The method, developed by researchers at McMaster University, with support provided by Toyota Tsusho Canada, will allow producers, packagers, and retailers to detect bacterial contamination in milk products simply by reading a signal from a test printed inside every container.
According to the research team, the technology can be adapted to detect the most common food pathogens and is also expected to be effective for use with other foods and beverages.
Once it becomes widely available, the McMaster and Toyota Tsusho hope it will make the food supply safer and significantly reduce food waste.
The test in its current form works by isolating even trace amounts of infectious bacteria in milk products – a technical challenge that until now has been difficult to manage.
“Milk is a very rich environment whose complex biology can mask the presence of pathogens, making it hard to find them,” said Tohid Didar, a research chair in the McMaster School of Biomedical Engineering. “In terms of the technical challenge, it’s similar to blood.”
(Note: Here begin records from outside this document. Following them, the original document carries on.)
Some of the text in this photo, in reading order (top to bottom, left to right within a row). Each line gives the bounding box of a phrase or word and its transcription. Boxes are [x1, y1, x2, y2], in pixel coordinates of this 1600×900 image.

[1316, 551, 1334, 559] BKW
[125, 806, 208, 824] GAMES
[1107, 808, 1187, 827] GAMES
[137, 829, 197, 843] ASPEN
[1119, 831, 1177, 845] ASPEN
The test works by printing the inner surface of a container with a tasteless, food-safe patch that repels everything but the target organisms, using a biosensor that triggers a change in the patch when such organisms are detected.
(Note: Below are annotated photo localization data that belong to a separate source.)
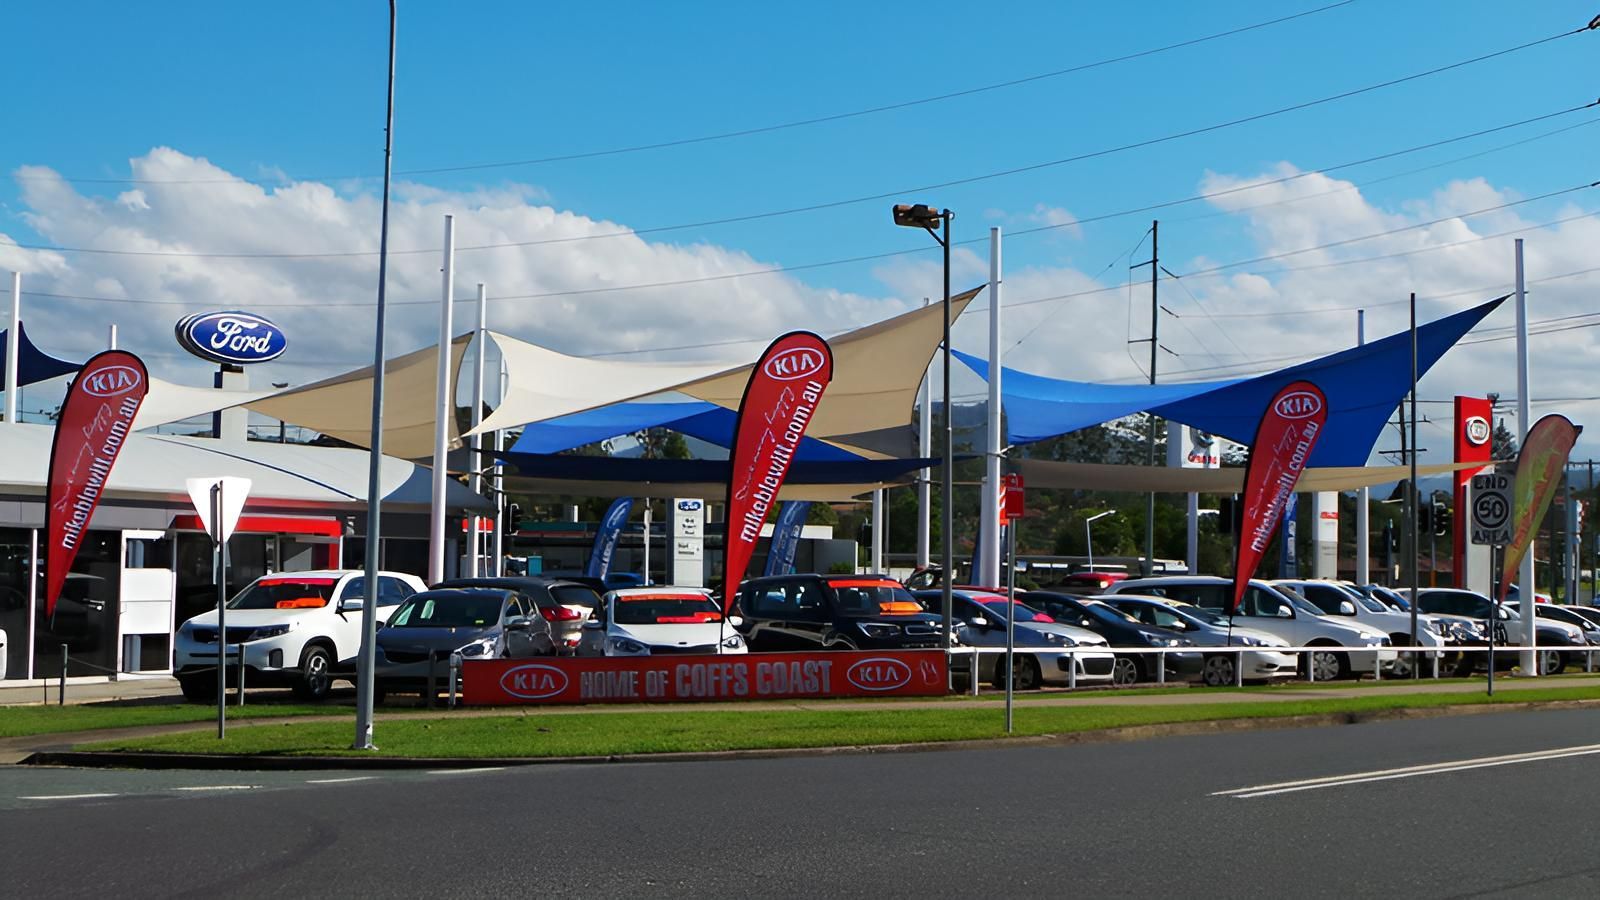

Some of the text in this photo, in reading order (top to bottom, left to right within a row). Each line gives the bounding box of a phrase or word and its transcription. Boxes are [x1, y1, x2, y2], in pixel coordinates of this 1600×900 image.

[211, 318, 272, 353] Ford
[774, 353, 815, 376] KIA
[91, 370, 131, 392] KIA
[1282, 397, 1313, 415] KIA
[1478, 500, 1504, 519] 50
[514, 673, 555, 690] KIA
[580, 660, 832, 697] HOME OF COFFS COAST
[860, 666, 899, 682] KIA
“We chose milk as a demonstration of the technology because it is so challenging.” said Carlos Filipe, McMaster’s chair of Chemical Engineering. “Knowing the technology works in such a complex solution means it can work with other forms of packaged food products, such as canned soup or tuna.”
Reducing illness and food waste aligns well with Toyota Tsusho Canada’s values, explained Toyota Tsusho vice president Grant Town. “Whenever we work to generate new business, it must benefit society. Reducing food waste will benefit everyone, and Toyota Tsusho Canada sees this as a great opportunity.”
The research is part of an ongoing, broader effort to establish McMaster as a centre for the development of real-time sensors, pathogen-repellent materials and other products that improve food safety.
The authors of the new research seeded whole milk with E. coli to prove the technology can detect even trace amounts of the bacterium.
Having been proven effective, the researchers said the detection technology can be readily applied to other food-borne pathogens, such as listeria and clostridium. Yingfu Li, a professor of biochemistry and biomedical sciences, had previously identified various biosensors that can detect specific pathogens.
A test patch covering multiple pathogens could be printed on, or otherwise incorporated into, many forms of packages, including cartons, plastic tubs, milk bags and bottles so that it can be read, either visually or with a scanner, without opening the package.
The near-term goal is to make the technology available to manufacturers, distributors, and retailers, the team said. But if it is widely adopted, consumers could one day use handheld scanners to check foods immediately before consumption.